■ **PROMPT**
Reproduce the records below exactly as shown.

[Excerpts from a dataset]
Content starts

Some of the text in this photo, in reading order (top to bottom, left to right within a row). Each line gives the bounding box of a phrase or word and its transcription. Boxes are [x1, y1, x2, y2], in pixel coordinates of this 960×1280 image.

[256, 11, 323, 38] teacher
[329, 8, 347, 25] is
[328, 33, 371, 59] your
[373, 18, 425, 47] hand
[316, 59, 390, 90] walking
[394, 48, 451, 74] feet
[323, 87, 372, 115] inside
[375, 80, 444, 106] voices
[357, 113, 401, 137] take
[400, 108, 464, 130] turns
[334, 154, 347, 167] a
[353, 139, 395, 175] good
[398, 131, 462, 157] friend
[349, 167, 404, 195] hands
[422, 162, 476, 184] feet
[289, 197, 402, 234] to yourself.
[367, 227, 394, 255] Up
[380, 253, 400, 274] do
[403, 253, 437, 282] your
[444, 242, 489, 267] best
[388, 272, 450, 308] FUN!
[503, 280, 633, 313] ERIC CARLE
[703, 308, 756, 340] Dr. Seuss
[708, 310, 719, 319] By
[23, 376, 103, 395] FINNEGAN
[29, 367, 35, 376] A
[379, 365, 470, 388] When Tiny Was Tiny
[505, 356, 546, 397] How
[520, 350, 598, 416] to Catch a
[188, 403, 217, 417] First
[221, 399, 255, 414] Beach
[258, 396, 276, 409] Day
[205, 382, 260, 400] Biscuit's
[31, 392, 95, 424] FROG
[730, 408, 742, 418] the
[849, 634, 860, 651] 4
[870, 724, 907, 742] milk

Content ends

■ **RESPONSE**
Some of the text in this photo, in reading order (top to bottom, left to right within a row). Each line gives the bounding box of a phrase or word and its transcription. Boxes are [x1, y1, x2, y2], in pixel coordinates of this 960×1280 image.

[256, 11, 323, 38] teacher
[329, 8, 347, 25] is
[328, 33, 371, 59] your
[373, 18, 425, 47] hand
[316, 59, 390, 90] walking
[394, 48, 451, 74] feet
[323, 87, 372, 115] inside
[375, 80, 444, 106] voices
[357, 113, 401, 137] take
[400, 108, 464, 130] turns
[334, 154, 347, 167] a
[353, 139, 395, 175] good
[398, 131, 462, 157] friend
[349, 167, 404, 195] hands
[422, 162, 476, 184] feet
[289, 197, 402, 234] to yourself.
[367, 227, 394, 255] Up
[380, 253, 400, 274] do
[403, 253, 437, 282] your
[444, 242, 489, 267] best
[388, 272, 450, 308] FUN!
[503, 280, 633, 313] ERIC CARLE
[703, 308, 756, 340] Dr. Seuss
[708, 310, 719, 319] By
[23, 376, 103, 395] FINNEGAN
[29, 367, 35, 376] A
[379, 365, 470, 388] When Tiny Was Tiny
[505, 356, 546, 397] How
[520, 350, 598, 416] to Catch a
[188, 403, 217, 417] First
[221, 399, 255, 414] Beach
[258, 396, 276, 409] Day
[205, 382, 260, 400] Biscuit's
[31, 392, 95, 424] FROG
[730, 408, 742, 418] the
[849, 634, 860, 651] 4
[870, 724, 907, 742] milk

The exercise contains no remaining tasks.